Wolmar  Onni Schildt  (3 July 1851 – 23 April 1913) was a Finnish politician. He was a member of the Senate of Finland and an agricultural extension practitioner.

Schildt was born in Jyväskylä. His parents were District doctor Wolmar Styrbjörn Schildt-Kilpinen and Mathilda Fredrika Wilhelmina Wadenstjerna.

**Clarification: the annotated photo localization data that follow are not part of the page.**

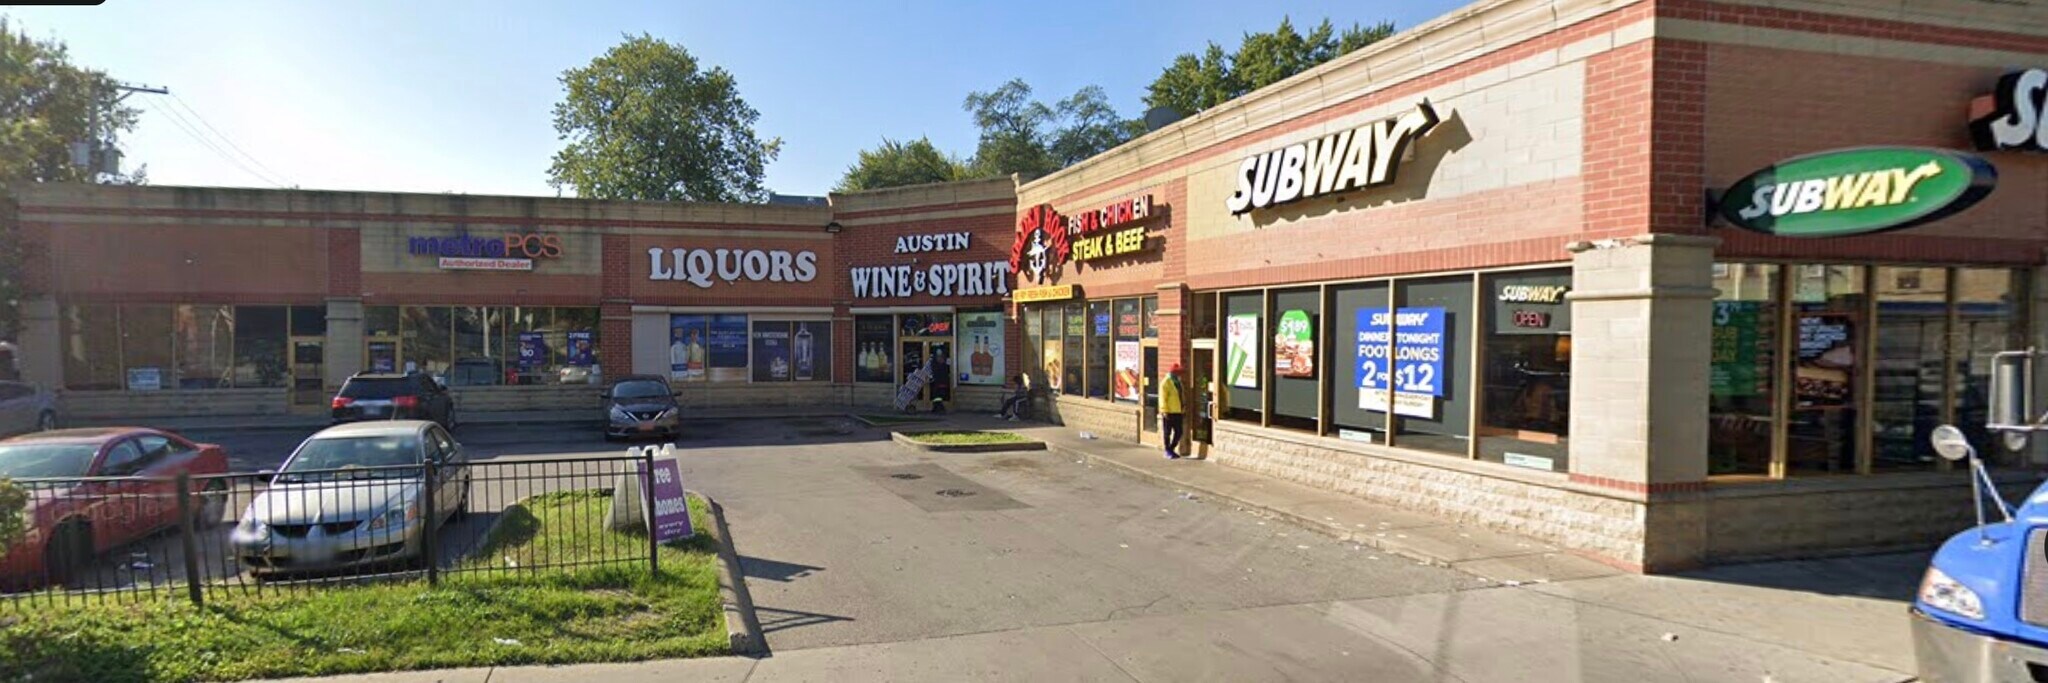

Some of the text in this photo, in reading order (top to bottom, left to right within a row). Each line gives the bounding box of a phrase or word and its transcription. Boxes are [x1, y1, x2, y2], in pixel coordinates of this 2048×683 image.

[1226, 104, 1434, 215] SUBWAY
[1739, 160, 1942, 221] SUBWAY
[1068, 195, 1149, 235] FISH & CHICKEN
[408, 232, 562, 258] metroPCS
[894, 232, 971, 254] AUSTIN
[1072, 227, 1145, 262] STEAK & BEEF
[441, 259, 530, 268] Authorized Dealer
[648, 247, 818, 288] LIQUORS
[851, 261, 1010, 298] WINE & SPIRIT
[1499, 285, 1565, 302] SUBWAY
[927, 321, 951, 333] OPEN
[1513, 310, 1545, 326] OPEN
[1396, 332, 1440, 345] TONIGHT
[1362, 360, 1376, 387] 2
[1396, 363, 1434, 392] $12
[654, 467, 671, 483] ree
[654, 497, 685, 516] hones
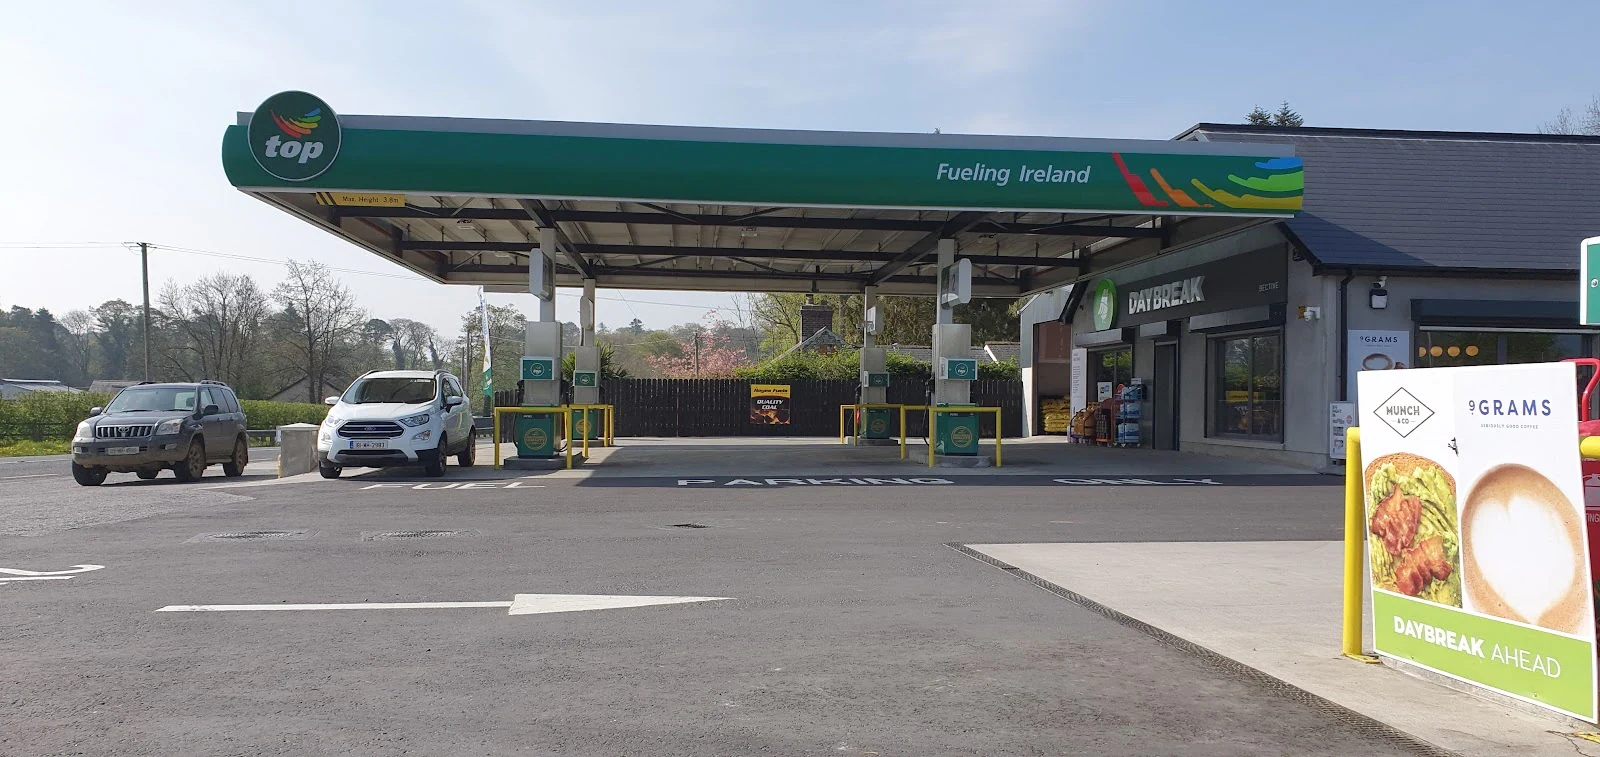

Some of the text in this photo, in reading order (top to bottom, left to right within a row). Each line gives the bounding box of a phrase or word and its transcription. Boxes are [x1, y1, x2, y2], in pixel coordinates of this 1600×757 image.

[265, 135, 324, 164] top
[936, 163, 1091, 186] Fueling Ireland
[358, 196, 379, 204] Height
[1128, 275, 1206, 315] DAYBREAK
[1386, 405, 1420, 416] MUNCH
[358, 481, 546, 490] FUEL
[677, 478, 955, 486] PARKING
[1393, 615, 1561, 678] DAYBREAK AHEAD

She graduated in 1870 and attended the Alnarp Agricultural College in 1875. Schildt was the head of the dairy and animal husbandry school in Hovila from 1879 to 1903, an inspector of the Mikkeli Provincial Offices 1889–1899, and a Senate Finance Officer, Senator and Head of Agriculture, Mechelin and Hjelt in 1905–1909.

He owned Hovila manor in Sysmä in 1876–1913.

Schildt was a member of the Knights and Jury in 1882, 1885, 1894, 1897, 1899 and 1904–1906 in the State of Legislature. [1] He was the supervisor of the Agricultural Association of East Häme and of the Mikkeli County Agricultural Society.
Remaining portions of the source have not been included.